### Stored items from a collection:
────────────────────

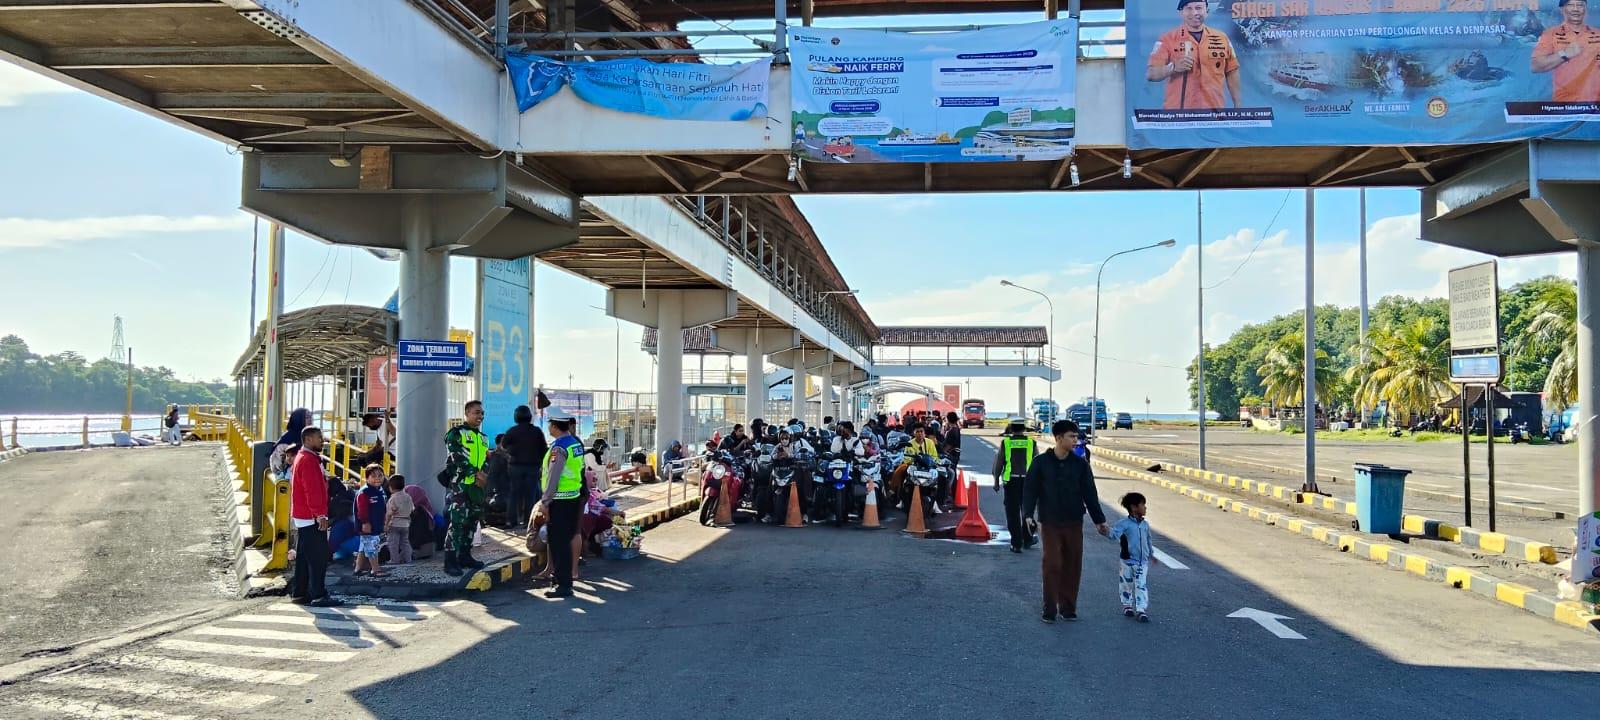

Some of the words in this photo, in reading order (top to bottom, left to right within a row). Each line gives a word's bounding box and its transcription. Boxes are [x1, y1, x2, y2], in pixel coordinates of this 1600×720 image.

[1265, 30, 1298, 39] KANTOR
[1300, 28, 1346, 38] PENCARIAN
[1348, 28, 1366, 36] DAN
[1368, 26, 1428, 36] PERTOLONGAN
[1429, 26, 1453, 35] KELAS
[1456, 26, 1461, 34] A
[1463, 25, 1506, 34] DENPASAR
[809, 54, 849, 62] PULANG
[844, 64, 868, 72] NAIK
[870, 63, 903, 71] FERRY
[663, 68, 685, 79] Hari
[689, 71, 713, 84] Fitri,
[813, 77, 838, 85] Makin
[840, 77, 866, 87] Happy
[867, 77, 898, 86] dengan
[690, 83, 739, 94] Sepenuh
[742, 82, 765, 92] Hati
[813, 87, 841, 95] Diskon
[843, 87, 862, 95] Tarif
[407, 344, 425, 353] ZONA
[426, 345, 459, 354] TERBATAS
[487, 319, 525, 395] B3
[402, 359, 424, 367] KHUSUS
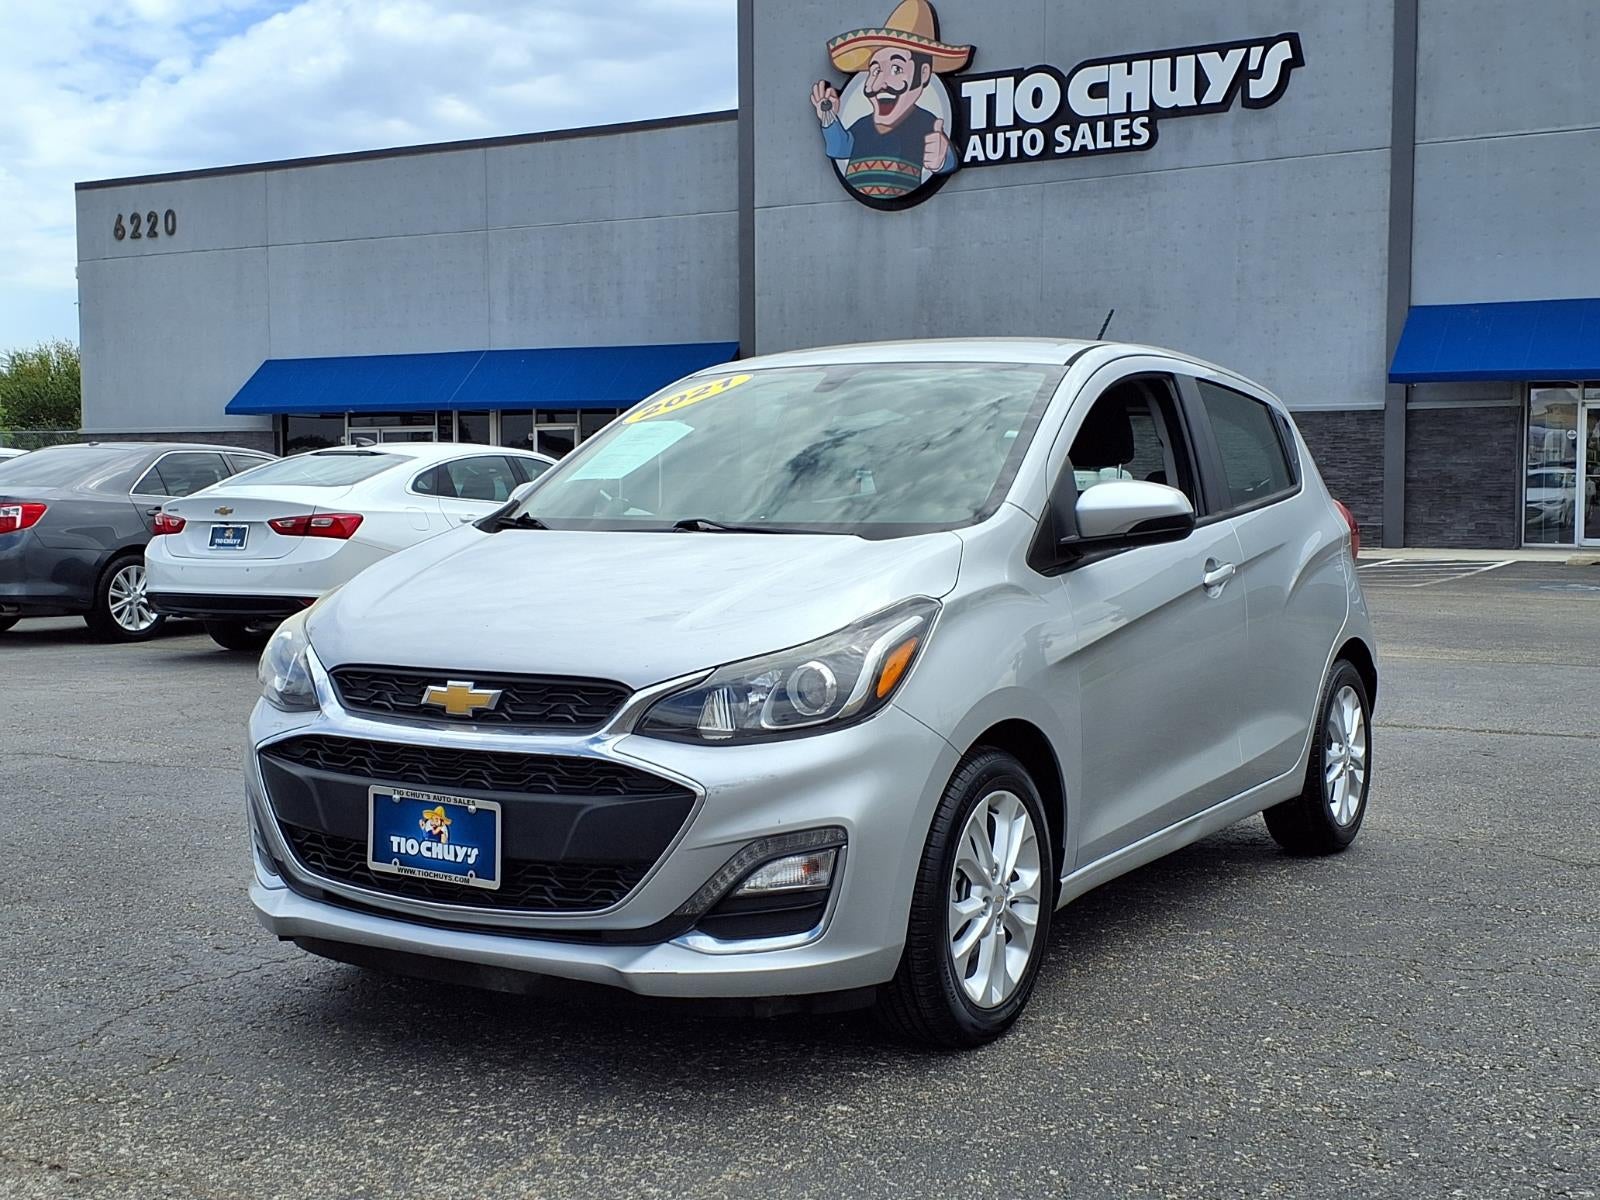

────────────────────

Apart from the pictures, every line above must be printed exactly.

### Response:
Some of the words in this photo, in reading order (top to bottom, left to right within a row). Each line gives a word's bounding box and its transcription. Boxes are [x1, y1, x2, y2], in pixel coordinates of this 1600×720 image.

[1265, 30, 1298, 39] KANTOR
[1300, 28, 1346, 38] PENCARIAN
[1348, 28, 1366, 36] DAN
[1368, 26, 1428, 36] PERTOLONGAN
[1429, 26, 1453, 35] KELAS
[1456, 26, 1461, 34] A
[1463, 25, 1506, 34] DENPASAR
[809, 54, 849, 62] PULANG
[844, 64, 868, 72] NAIK
[870, 63, 903, 71] FERRY
[663, 68, 685, 79] Hari
[689, 71, 713, 84] Fitri,
[813, 77, 838, 85] Makin
[840, 77, 866, 87] Happy
[867, 77, 898, 86] dengan
[690, 83, 739, 94] Sepenuh
[742, 82, 765, 92] Hati
[813, 87, 841, 95] Diskon
[843, 87, 862, 95] Tarif
[407, 344, 425, 353] ZONA
[426, 345, 459, 354] TERBATAS
[487, 319, 525, 395] B3
[402, 359, 424, 367] KHUSUS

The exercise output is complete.